Sviluppo Embrionale in Drosophila: Polarità e Struttura Ovarica

Polarità Dorso-Ventrale in Drosophila

La determinazione della polarità dorso-ventrale in Drosophila inizia con la posteriorizzazione delle cellule follicolari, un processo mediato dal legame tra il ligando Gurken e il recettore Torpedo. Questo legame è cruciale per la dorsalizzazione delle cellule.

Gurken produce un ligando che si lega al recettore codificato dal gene torpedo. Tale interazione induce le cellule follicolari a differenziarsi secondo una morfologia dorsale. Nelle cellule ventrali, questo legame non avviene a causa dell'assenza del recettore.

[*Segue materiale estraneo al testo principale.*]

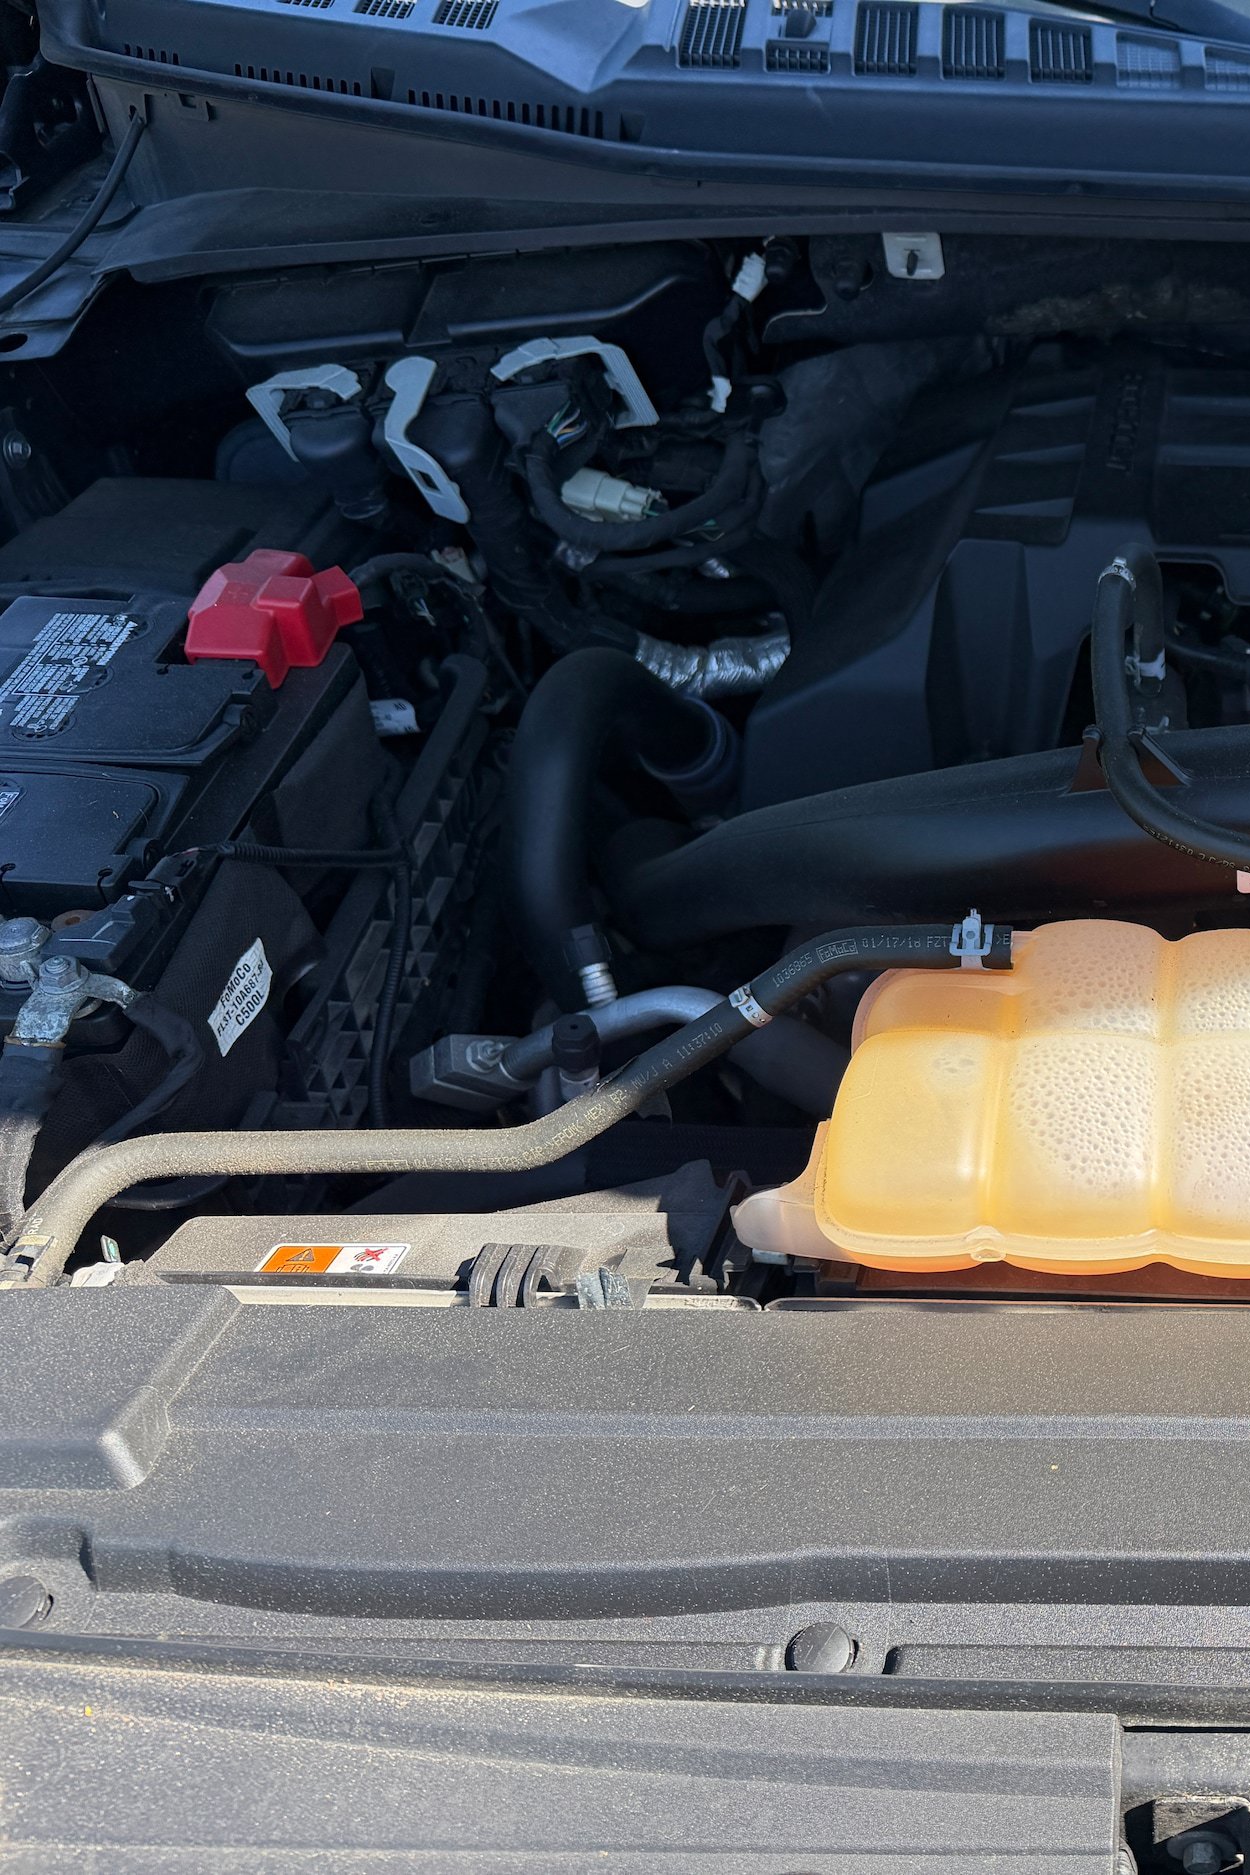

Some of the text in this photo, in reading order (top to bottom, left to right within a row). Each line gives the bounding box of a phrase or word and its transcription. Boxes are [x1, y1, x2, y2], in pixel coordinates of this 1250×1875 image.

[926, 935, 951, 948] FZT
[219, 963, 251, 1009] FoMoCo
[235, 989, 265, 1026] C500L

Il legame Gurken-Torpedo inibisce la produzione della proteina Pipe. Al contrario, nella zona ventrale, Pipe si complessa con un fattore X, determinando la degradazione della proteina Gastrulation defective (Gd), che viene così attivata. Gd promuove l'attivazione di Snake, il quale a sua volta degrada ed attiva Easter. Easter degrada Spatzle, il ligando per il recettore Toll.

Quando Toll è attivo, induce la dimerizzazione delle proteine Pelle e Tube, che degradano il complesso Dorsal-Calcio, attivando Dorsal. Questa proteina è presente in tutto l'embrione, ma viene trasportata nei nuclei cellulari solo nella parte ventrale. Qui, Dorsal agisce come fattore trascrizionale, promuovendo la trascrizione di geni specifici per la regione ventrale.

La concentrazione di Dorsal è fondamentale per la formazione dei foglietti embrionali: il mesoderma si origina dalle regioni più ventrali, l'ectoderma neurale dalle regioni ventro-laterali e l'ectoderma ventrale-dorsale dalle regioni più superiori.

Struttura dell’Egg Chamber in Drosophila

L’egg chamber (camera ovarica) di Drosophila è costituita da 16 cellule derivate da un'unica cellula staminale iniziale. Inizialmente tutte le cellule sono identiche, ma alla fine una sola si differenzierà in oocita, mentre le altre formeranno le cellule nutrici. Tutte queste cellule sono interconnesse da ponti citoplasmatici.

Si osserva che solo due di queste cellule sono collegate alle altre tramite 4 ponti citoplasmatici, mentre le altre ne possiedono un numero inferiore. La cellula staminale iniziale si divide, ma le cellule figlie rimangono unite dai ponti citoplasmatici. Questo processo si ripete, con le cellule che si dividono ulteriormente mantenendo i legami citoplasmatici con le cellule madri, fino a raggiungere lo stadio di 16 cellule.

Le cellule più vecchie, avendo effettuato più divisioni, presentano 4 ponti citoplasmatici. La determinazione dell'oocita coinvolge una delle due cellule con 4 ponti citoplasmatici, specificamente la più vecchia, derivata direttamente dalla divisione della cellula staminale. Questo accade perché la cellula staminale conserva informazioni che non vengono trasmesse alle cellule figlie.

La cellula destinata a diventare l'oocita si posiziona più posteriormente nell'egg chamber. Le cellule nutrici producono sostanze di riserva e mRNA che vengono convogliati attraverso i ponti citoplasmatici all'interno dell'oocita. Di conseguenza, l'oocita aumenta di volume fino ad occupare l'intera camera ovarica, mentre le cellule nutrici regrediscono.

Per facilitare il trasporto del materiale dalle cellule nutrici all'oocita, le cellule nutrici possiedono fasci di microfilamenti che si estendono dalla membrana fino all'involucro nucleare. La contrazione di questi microfilamenti riduce il volume cellulare, pompando il contenuto attraverso i ponti citoplasmatici fino all'oocita.

Alla fine del processo, le cellule nutrici rimangono confinate nella zona apicale per poi subire apoptosi.

Esistono evidenze sperimentali a supporto di questo meccanismo:

• Mutanti per l'actina non sono in grado di pompare il materiale all'oocita, impedendone la crescita e bloccando l'oogenesi.
• Mutanti che non riescono a formare i ponti citoplasmatici mostrano anch'essi un mancato sviluppo dell'oocita.